空気読むとか読まないとか

ウスビ・サコの「まだ、空気読めません」を読んだ。
主に自身の経験から日本独特の空気を読むことやおもてなしとか、コミュニケーションということこれからの展望などなど、濃密なコミュニケーション論が展開されている。
著者はアフリカのマリ国出身であり、あちこちを留学したりして最終的に日本国籍を取得したらしい。なので様々な文化を体験したり対話から学んだりして、そういう視点から日本の空気とか文化にツッコミを入れている。

空気を読むためにはまるで真逆のことを言葉から読み取らなければいけなかったり、言われていないルールに従うことだったり、矛盾した言動が見られる等正直偏った経験してるなあとは思うものの、そうした風潮があるのは確かだし、日本で生活している分には順応してしまって全く困らないことというのもよく見える。
トイレとか。

「おもてなし」はなかなか面白い。
元々おもてなしというのは相手をもてなすためにどうすればいいか、相手が望むものはなんだろうかといったところを追求しなければならないのに、実際にはもてなす相手が不在のまま単に「こうすればもてなしたことになる」って感じの風潮になっている。
まるで仏陀の死後数百年は教えが保たれるがそれ以降は教えが廃れてしまうみたいな話だ。

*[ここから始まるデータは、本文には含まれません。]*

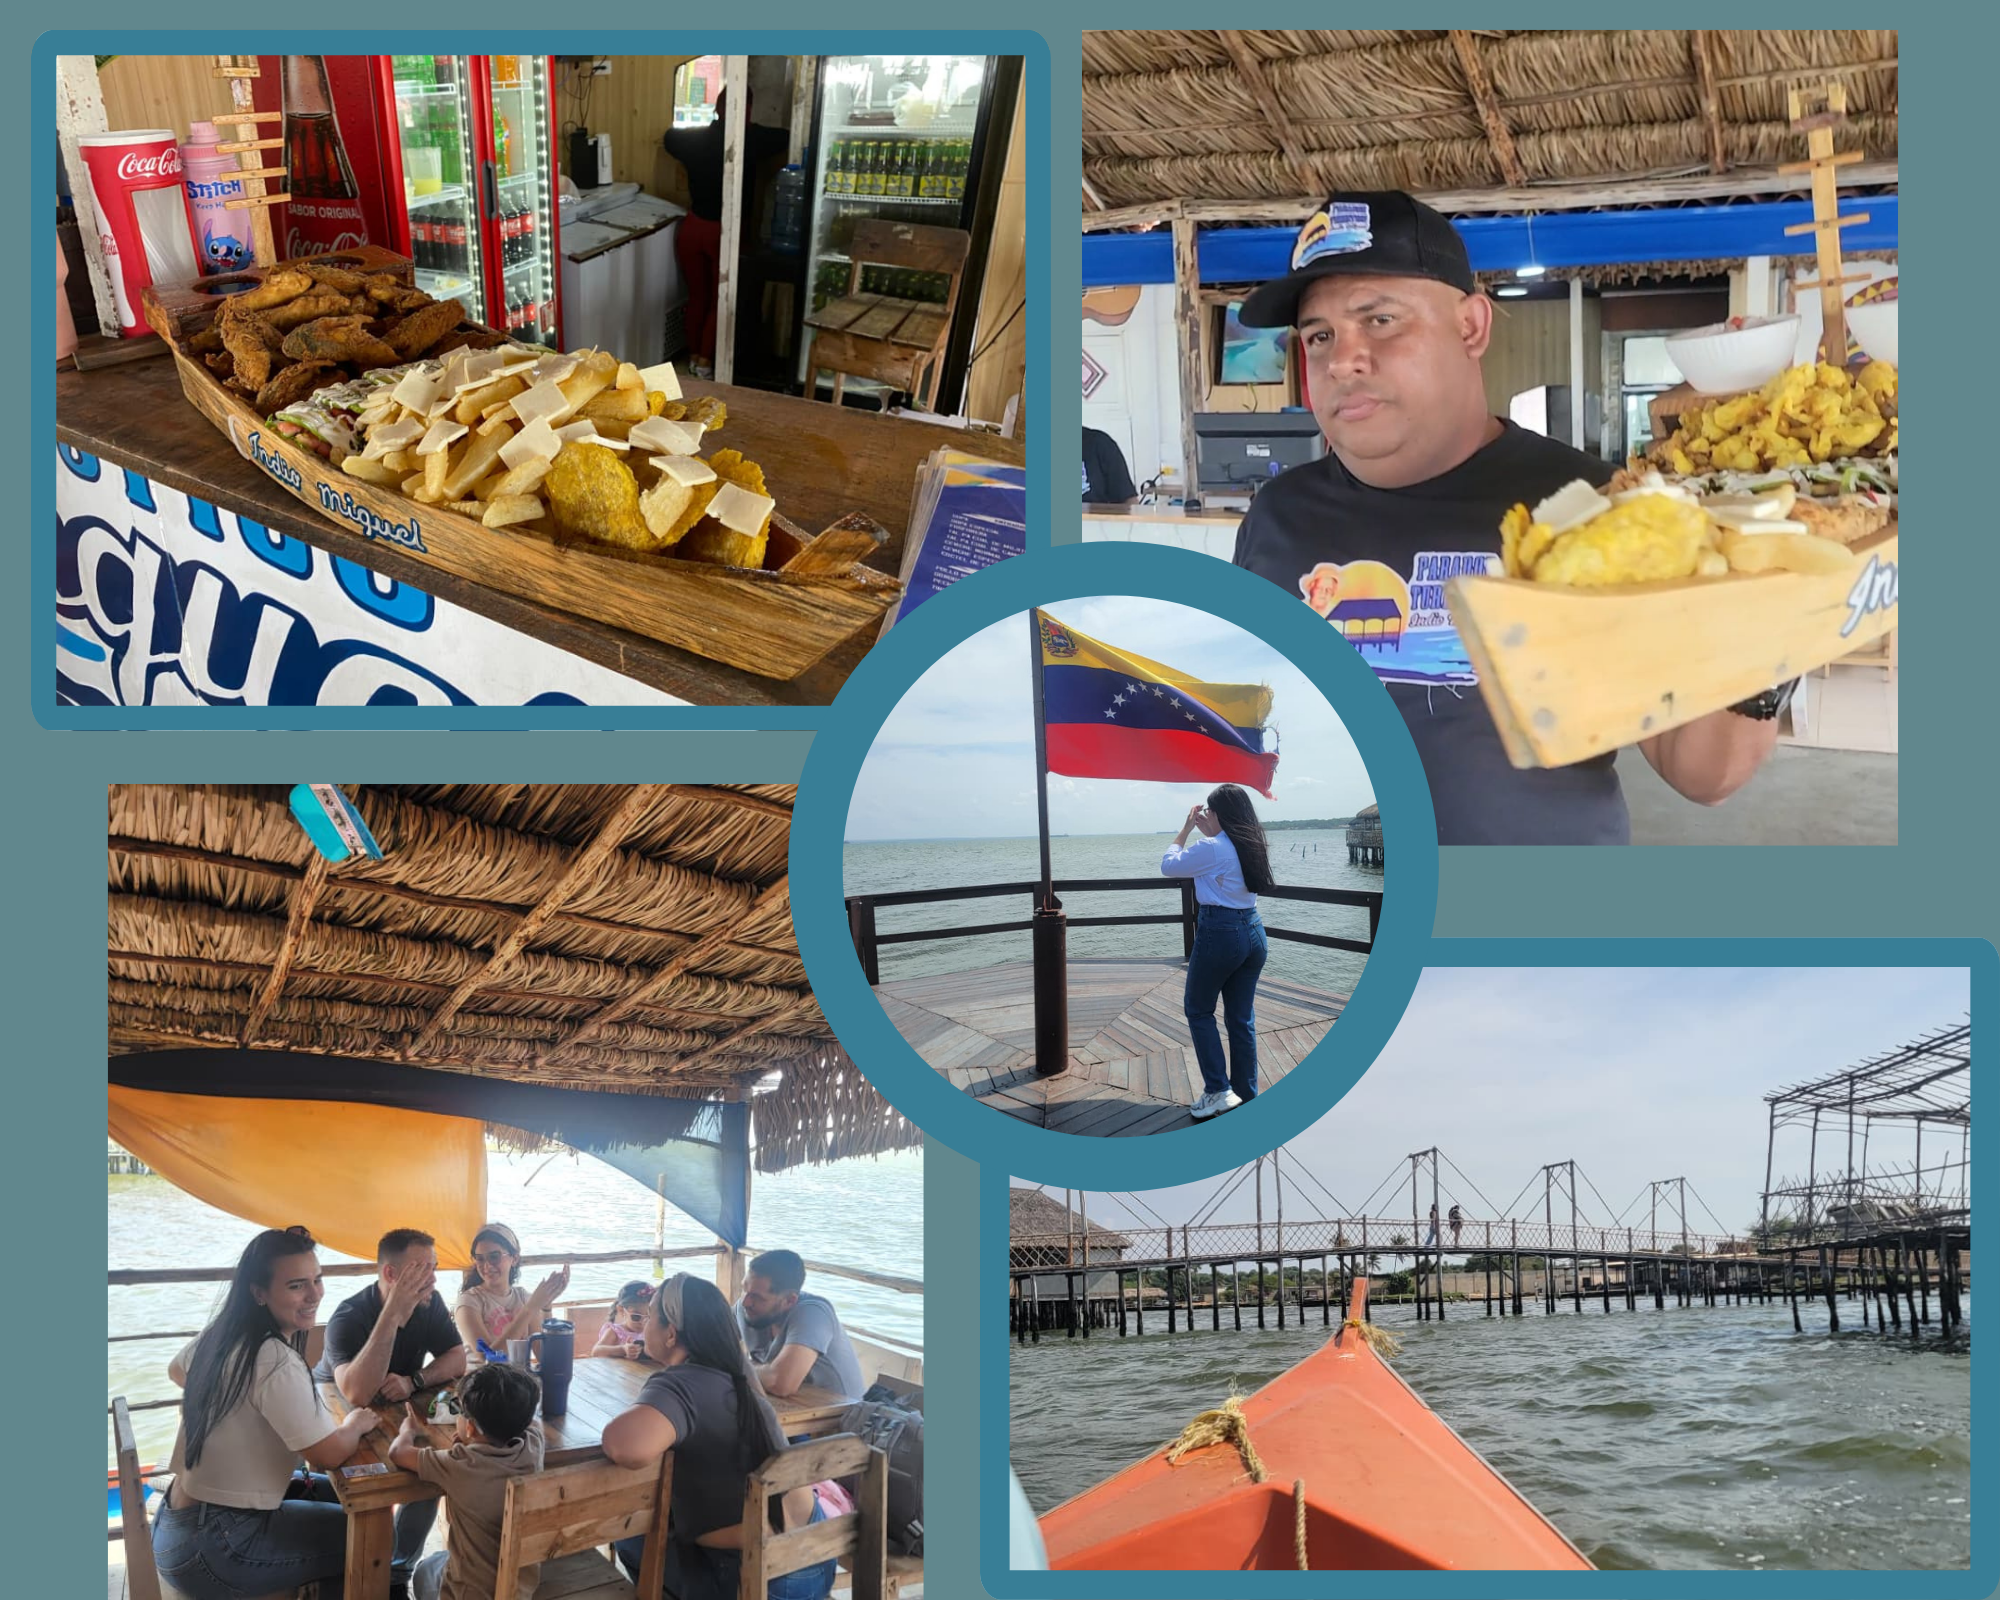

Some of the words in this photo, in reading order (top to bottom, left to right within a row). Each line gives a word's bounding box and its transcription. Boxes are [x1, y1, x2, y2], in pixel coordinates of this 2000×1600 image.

[288, 203, 316, 217] SABOR
[318, 206, 362, 219] ORIGINAL
[248, 431, 302, 492] Indio
[316, 482, 428, 554] Miguel
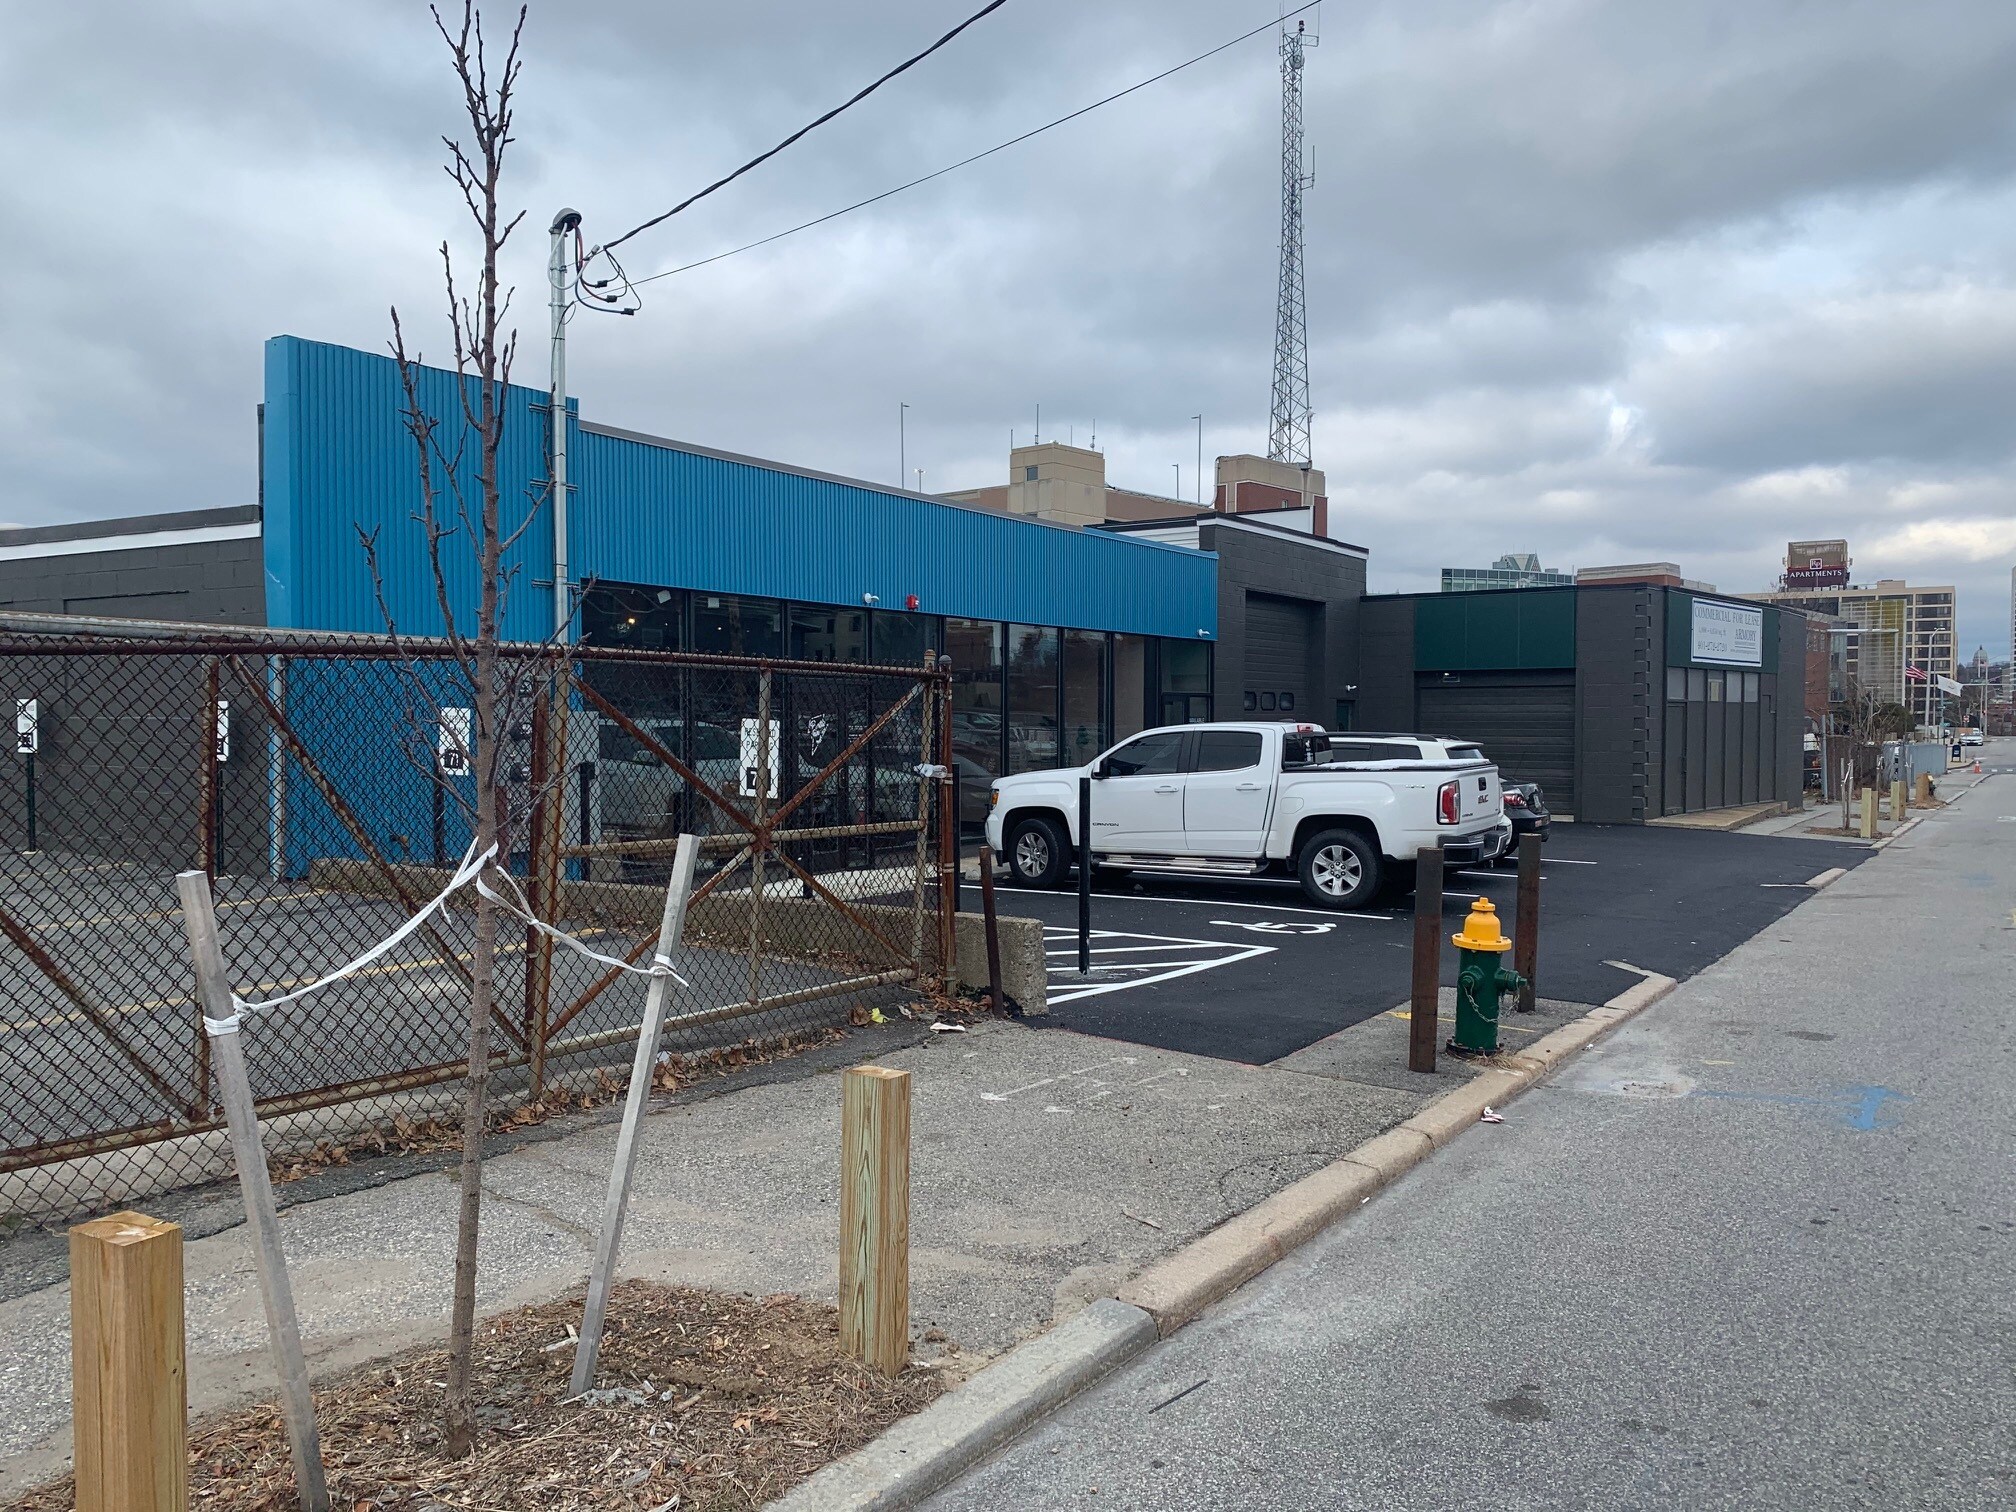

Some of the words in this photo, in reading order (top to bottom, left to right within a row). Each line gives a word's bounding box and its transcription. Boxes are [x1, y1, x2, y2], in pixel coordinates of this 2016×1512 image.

他にも日本は対話が少なくなってしまって、行き過ぎた本音と建前文化になってしまっている等同意できる部分も多い。
特に元々は空気を読むとか配慮といった目的があったものが形骸化し、特に根拠もそれをする理由もわからないのにただ従っているものが多いというのはよく感じる。
これは個人的に自分がやっていることの理由をなるべく把握し、説明したいという性癖に基づくものかもしれない。そういう説明ができないと他者を納得させることもできないし応用も利かないと思うので。
理由は別に合理的なものでも感情的なものでも宗教的なものでも構わない。それを採用するかは個人の自由だし。TPOとかの話はまた今度。

日本とマリ国との対処法や文化等の対比もあり、マリ国のやり方が正しいかは分からないものの日本とは違う有効性の高いやり方の一つが提示されている形。
もちろんそっくりそのまま真似したのではこの本の真髄は理解できないけれど。それこそ「おもてなし」の二の舞い。
結果的にマリ国の文化も少しではあるが学べる。

日本に対するツッコミはあれこれあるものの日本文化に希望も見出している。
「なんでやねん」の哲学はこれからも続けていきたい。個人的には対話から生まれるというより勝手に浮かんでくるのだけれど。